Un mémoire en production de pièces présenté par le préfet des Pyrénées-Orientales a été enregistré le 9 avril 2025.
M. D… a été admis au bénéfice de l’aide juridictionnelle totale par décision du 6 janvier 2025.
Vu les autres pièces du dossier.
Vu :
— la convention de sauvegarde des droits de l’homme et des libertés fondamentales ;
— l’accord franco-algérien du 27 décembre 1968 ;
— le code de l’entrée et du séjour des étrangers et du droit d’asile ;
— la loi n° 91-647 du 10 juillet 1991 ;
— le code de justice administrative.
La présidente de la formation de jugement a dispensé le rapporteur public, sur sa proposition, de prononcer des conclusions à l’audience.
Les parties ont été régulièrement averties du jour de l’audience.
Le rapport de M. B… a été entendu au cours de l’audience publique.
Considérant ce qui suit :
M. A… se disant M. D…, ressortissant algérien né le 1er juin 1996, déclare être arrivé en France en 2018, sans toutefois l’établir. Il a été interpellé le 24 août 2024 par les services de la gendarmerie d’Argelès-sur-Mer et placé en garde à vue. Par un arrêté du même jour dont il demande l’annulation, le préfet des Pyrénées-Orientales l’a obligé à quitter le territoire français sans délai de départ volontaire, a fixé le pays de destination de la mesure d’éloignement, a prononcé à son encontre une interdiction de retour sur le territoire français d’une durée de trois ans et l’a assigné à résidence pour une période d’un an, renouvelable deux fois, dans la commune de Perpignan.

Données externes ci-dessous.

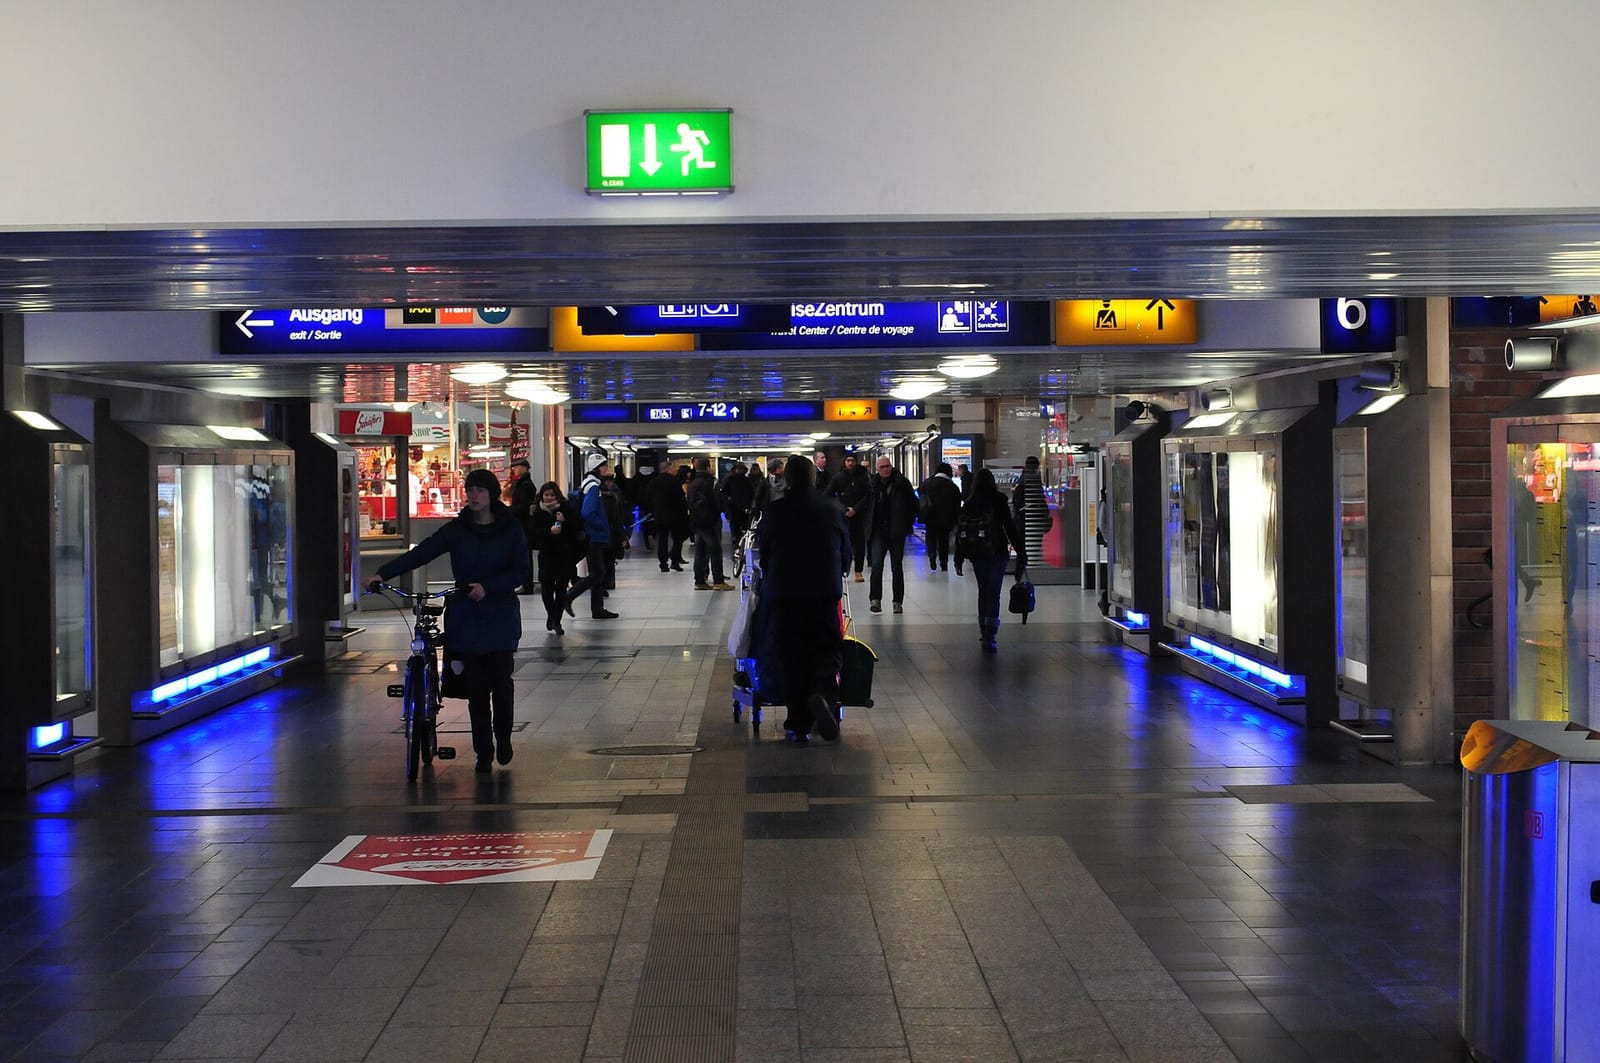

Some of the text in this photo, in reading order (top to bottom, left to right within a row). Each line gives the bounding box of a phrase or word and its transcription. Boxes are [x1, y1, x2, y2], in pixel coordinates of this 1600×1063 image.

[289, 308, 363, 325] Ausgang
[1337, 297, 1367, 330] 6
[289, 330, 307, 340] exit
[314, 329, 342, 340] Sortie
[799, 325, 829, 335] Center
[836, 325, 866, 335] Centre
[868, 324, 880, 335] de
[882, 326, 914, 336] voyage
[698, 402, 727, 417] 7-12

Sur les conclusions à fin d’annulation :
En ce qui concerne l’obligation de quitter le territoire français :
Aux termes de l’article L. 611-1 du code de l’entrée et du séjour des étrangers et du droit d’asile : « L’autorité administrative peut obliger un étranger à quitter le territoire français lorsqu’il se trouve dans les cas suivants :/ 1° L’étranger, ne pouvant justifier être entré régulièrement sur le territoire français, s’y est maintenu sans être titulaire d’un titre de séjour en cours de validité ; (…) ». Aux termes de l’article 6 de l’accord franco-algérien du 27 décembre 1968 : « (…) Le certificat de résidence d’un an portant la mention « vie privée et familiale » est délivré de plein droit : / (…) 5. Au ressortissant algérien, qui n’entre pas dans les catégories précédentes ou dans celles qui ouvrent droit au regroupement familial, dont les liens personnels et familiaux en France sont tels que le refus d’autoriser son séjour porterait à son droit au respect de sa vie privée et familiale une atteinte disproportionnée au regard des motifs du refus (…). »

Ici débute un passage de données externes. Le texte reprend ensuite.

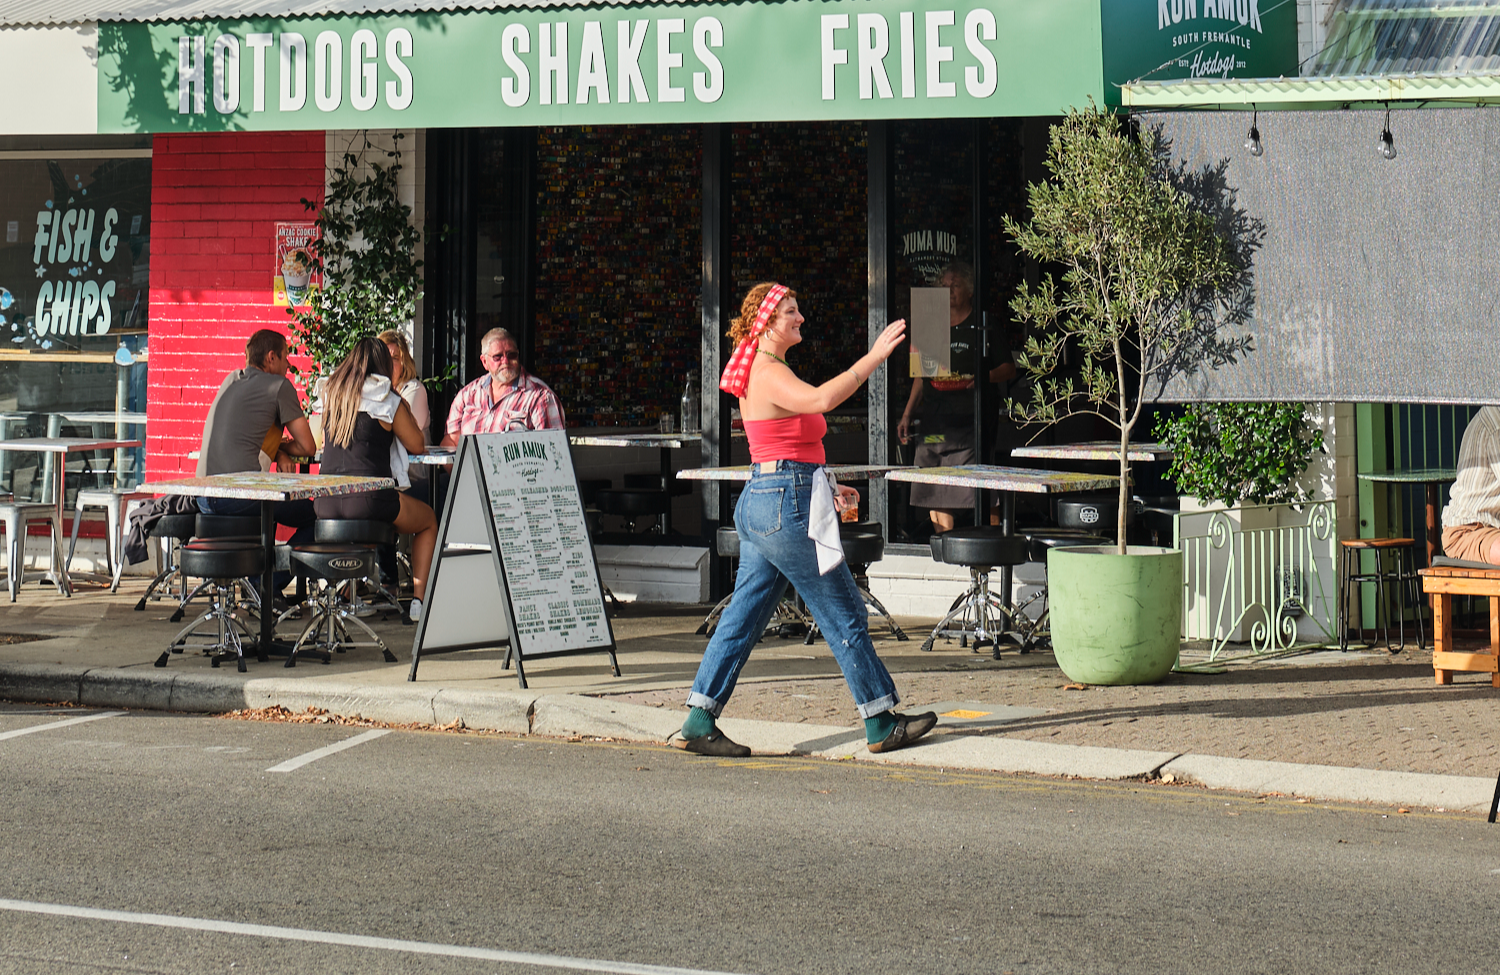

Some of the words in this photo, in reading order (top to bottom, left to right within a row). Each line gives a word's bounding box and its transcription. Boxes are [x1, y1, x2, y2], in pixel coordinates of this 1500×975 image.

[1172, 31, 1198, 47] SOUTH
[1202, 31, 1251, 50] FREMANTLE
[178, 27, 414, 115] HOTDOGS
[501, 16, 725, 109] SHAKES
[820, 8, 999, 101] FRIES
[1190, 50, 1235, 79] Hotdogs
[33, 208, 96, 265] FISH
[100, 207, 119, 263] &
[278, 228, 296, 237] ANZAC
[296, 228, 316, 236] COOKIE
[35, 280, 117, 337] CHIPS
[502, 441, 521, 464] RUN
[521, 440, 548, 461] AMUK
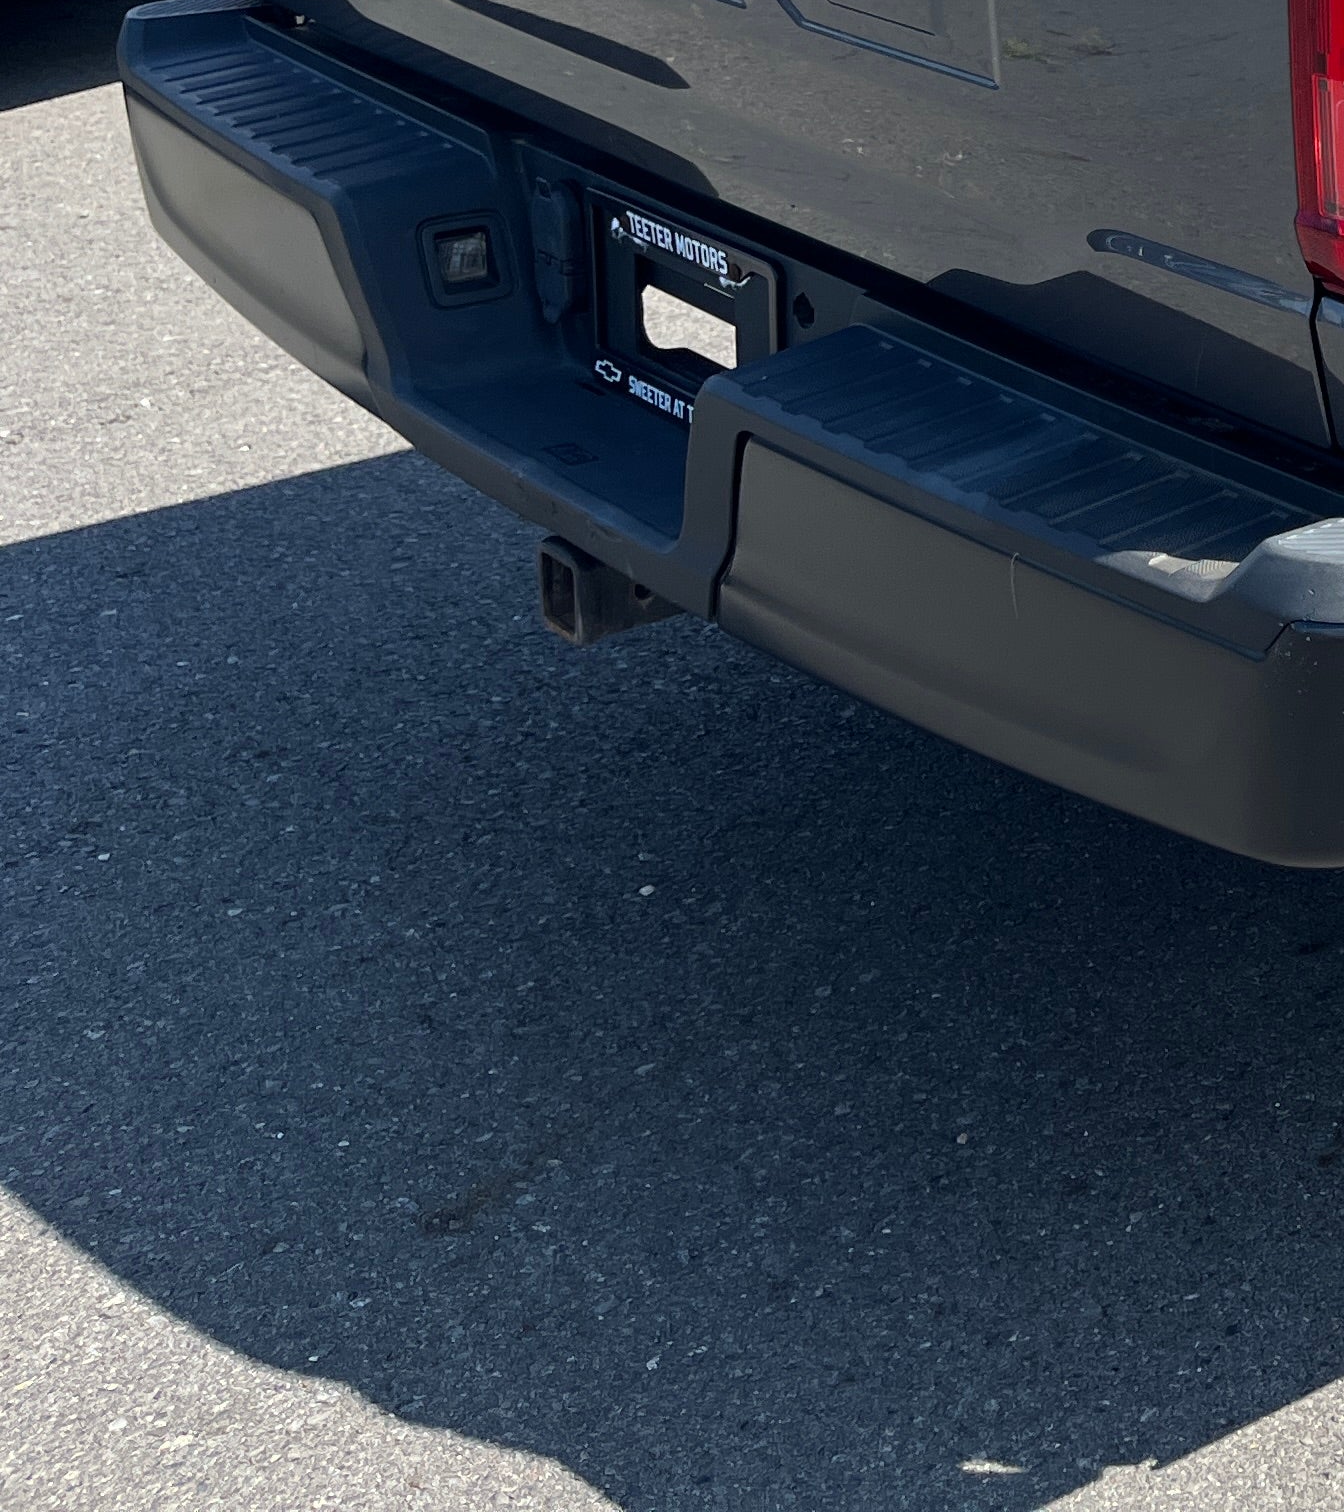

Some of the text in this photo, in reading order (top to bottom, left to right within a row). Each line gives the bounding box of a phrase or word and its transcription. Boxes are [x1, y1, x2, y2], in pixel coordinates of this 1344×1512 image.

[626, 210, 728, 275] TEETER MOTORS
[628, 375, 672, 414] SWEETER
[672, 398, 685, 419] AT

En se bornant à se prévaloir de son arrivée en France en 2018 et de son maintien à titre irrégulier, et « qu’il y a transféré l’ensemble de ses intérêts privés », sans faire état de la moindre précision sur les motifs qui pourraient légitimement faire obstacle à son retour en Algérie où il a vécu jusqu’à l’âge de 22 ans et où résident ses parents, deux sœurs et un frère, M. D…, célibataire et sans enfant, qui n’a jamais fait la demande d’un titre de séjour ni de démarche visant à régulariser sa situation, ne justifie pas de son intégration depuis son arrivée en France et ne démontre pas qu’il aurait établi en France le centre de ses intérêts privés et familiaux, bien qu’une de ses sœurs y réside. Ainsi, le requérant n’est pas fondé à soutenir que le préfet des Pyrénées-Orientales a porté une atteinte disproportionnée à son droit au respect de sa vie privée et familiale. Si M. D… fait valoir que le préfet des Pyrénées-Orientales a examiné son droit au séjour au regard des dispositions du code de l’entrée et du séjour des étrangers et du droit d’asile alors que seules les stipulations de l’accord franco-algérien du 27 décembre 1968 sont applicables à sa situation, l’arrêté a été pris au visa l’accord franco-algérien du 27 décembre 1968 et la référence, dans ses motifs, aux dispositions du code de l’entrée et du séjour des étrangers et du droit d’asile pour vérifier le droit au séjour du requérant, qui constitue une simple erreur matérielle, ne saurait l’entacher d’une erreur de droit, M. D… ne pouvant prétendre à être admis au séjour en raison de sa vie privée et familiale en application de l’article 6-5 de l’accord franco-algérien. Par suite, le moyen tiré de la méconnaissance des stipulations de cet article doit être écarté.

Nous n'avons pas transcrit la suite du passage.